Epilepsies in children, young people and adults. NICE guideline NG217 (2022), recommendation 9.2.2

Definitions of terms used in this quality statement

Asked about their memory, mental health, and social and emotional wellbeing

Asking people about memory, mental health, social and emotional wellbeing involves asking brief questions to explore these areas such as:

  • Have you noticed any difficulties with your memory since the previous appointment? If so, do you think that things are getting worse?

  • Have you felt down, depressed or hopeless in the past month?

  • Have you been bothered by little interest or pleasure in doing things in the past month?

  • Have there been any specific psychosocial stresses that have affected your health since the previous review?

Formal or specialist assessments, such as an assessment of cognitive function, are not included. [Expert opinion]

Epilepsy appointment

This includes planned appointments with an epilepsy professional, such as regular monitoring reviews, patient-initiated monitoring reviews and specialist nurse appointments.

Some appointments may need a specific focus, such as appointments focused on medicine changes, medicine dose changes or alterations to the emergency care plan, and it may not be appropriate to ask these questions at such appointments. [Adapted from NICE's guideline on epilepsies in children young people and adults, recommendations 4.5.1, 4.5.2, 4.5.4, 11.1.3 and expert opinion]

Equality and diversity considerations

People with epilepsy who are older, have other complex needs (such as other comorbidities), or who do not read or speak English should have their information and support needs taken into account.

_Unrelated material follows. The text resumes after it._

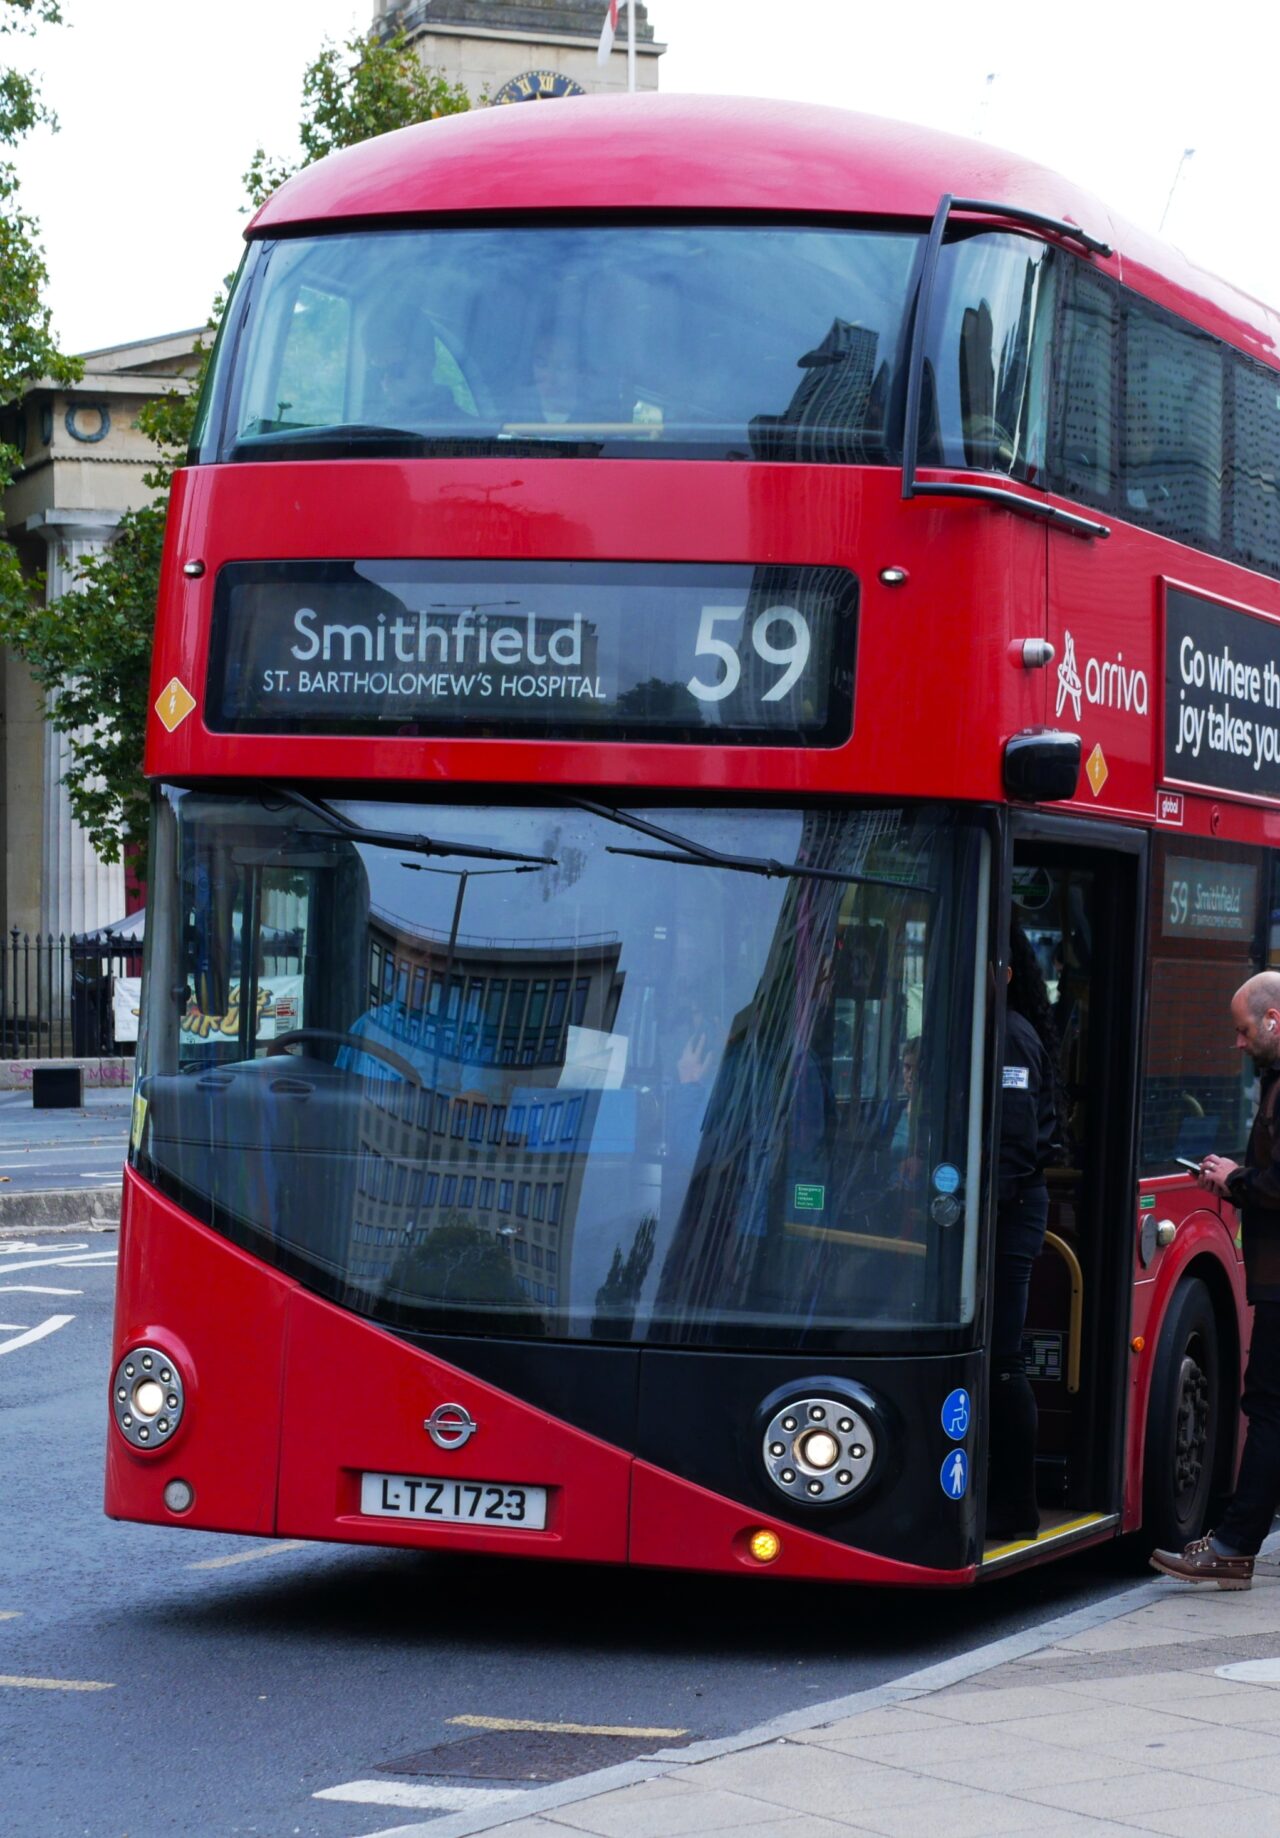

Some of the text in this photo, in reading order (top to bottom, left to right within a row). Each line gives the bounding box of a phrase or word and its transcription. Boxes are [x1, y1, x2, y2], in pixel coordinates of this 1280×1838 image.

This could include:

  • giving longer appointments to allow more time for discussion

  • providing information in different formats, such as easy read, large print or audio versions

  • providing information that is accessible to people who do not speak or read English, and is culturally appropriate

  • involving family members, carers, an interpreter or an advocate if the person wishes (see NICE's guideline on advocacy services)

  • sharing information with those involved in their care, if appropriate.

For people with additional needs related to a disability, impairment or sensory loss, information should be provided as set out in NHS England's Accessible Information Standard or the equivalent standards for the devolved nations.